-- Exercise goal --
A faithful repeat of all the records, with no image kept, is the required answer.

-- Provided data --
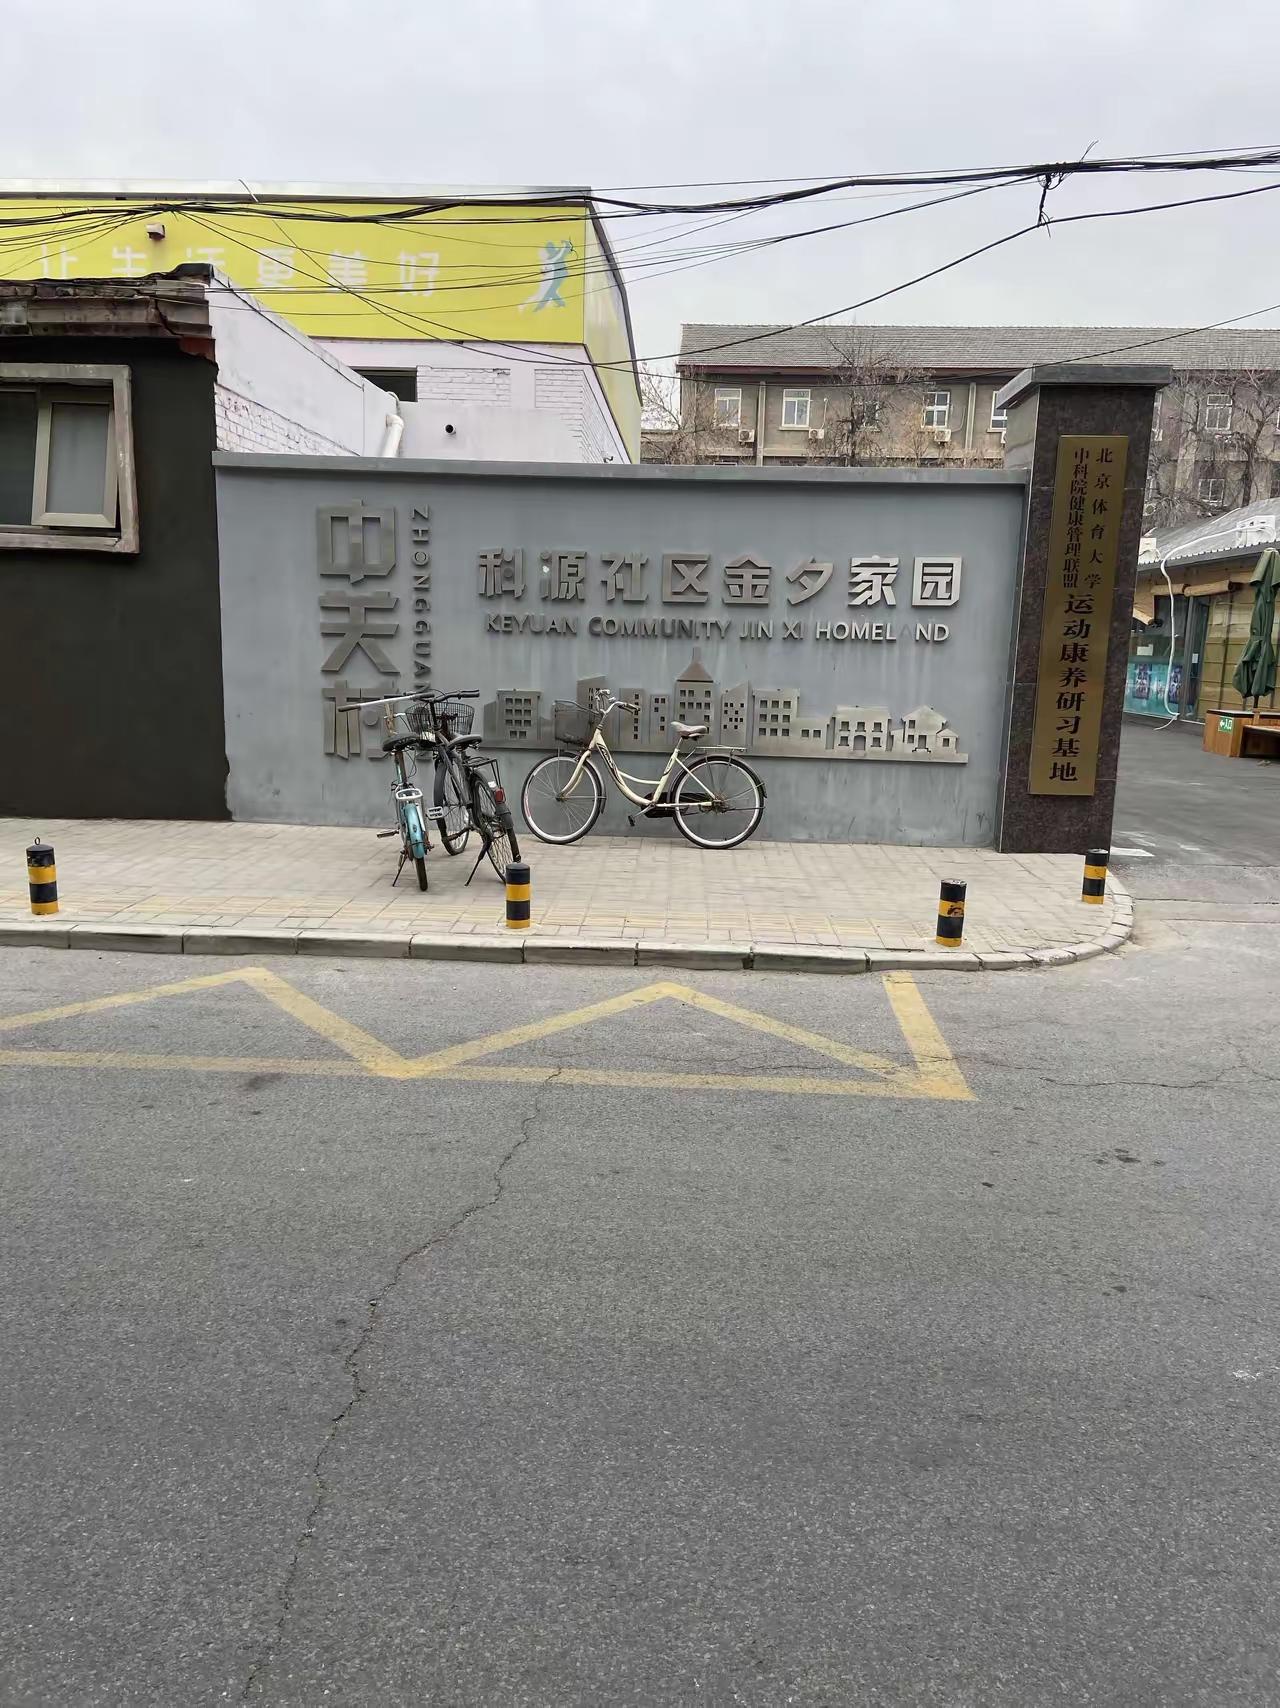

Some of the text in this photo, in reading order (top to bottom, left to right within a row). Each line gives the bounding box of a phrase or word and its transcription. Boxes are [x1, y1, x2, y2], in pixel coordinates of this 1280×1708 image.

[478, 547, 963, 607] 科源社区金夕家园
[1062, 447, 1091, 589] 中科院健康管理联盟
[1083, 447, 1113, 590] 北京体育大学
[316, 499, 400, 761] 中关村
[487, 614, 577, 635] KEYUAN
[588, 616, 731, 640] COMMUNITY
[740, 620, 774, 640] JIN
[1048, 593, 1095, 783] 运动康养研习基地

-- Answer space --
Some of the text in this photo, in reading order (top to bottom, left to right within a row). Each line gives the bounding box of a phrase or word and its transcription. Boxes are [x1, y1, x2, y2], in pixel coordinates of this 1280×1708 image.

[478, 547, 963, 607] 科源社区金夕家园
[1062, 447, 1091, 589] 中科院健康管理联盟
[1083, 447, 1113, 590] 北京体育大学
[316, 499, 400, 761] 中关村
[487, 614, 577, 635] KEYUAN
[588, 616, 731, 640] COMMUNITY
[740, 620, 774, 640] JIN
[1048, 593, 1095, 783] 运动康养研习基地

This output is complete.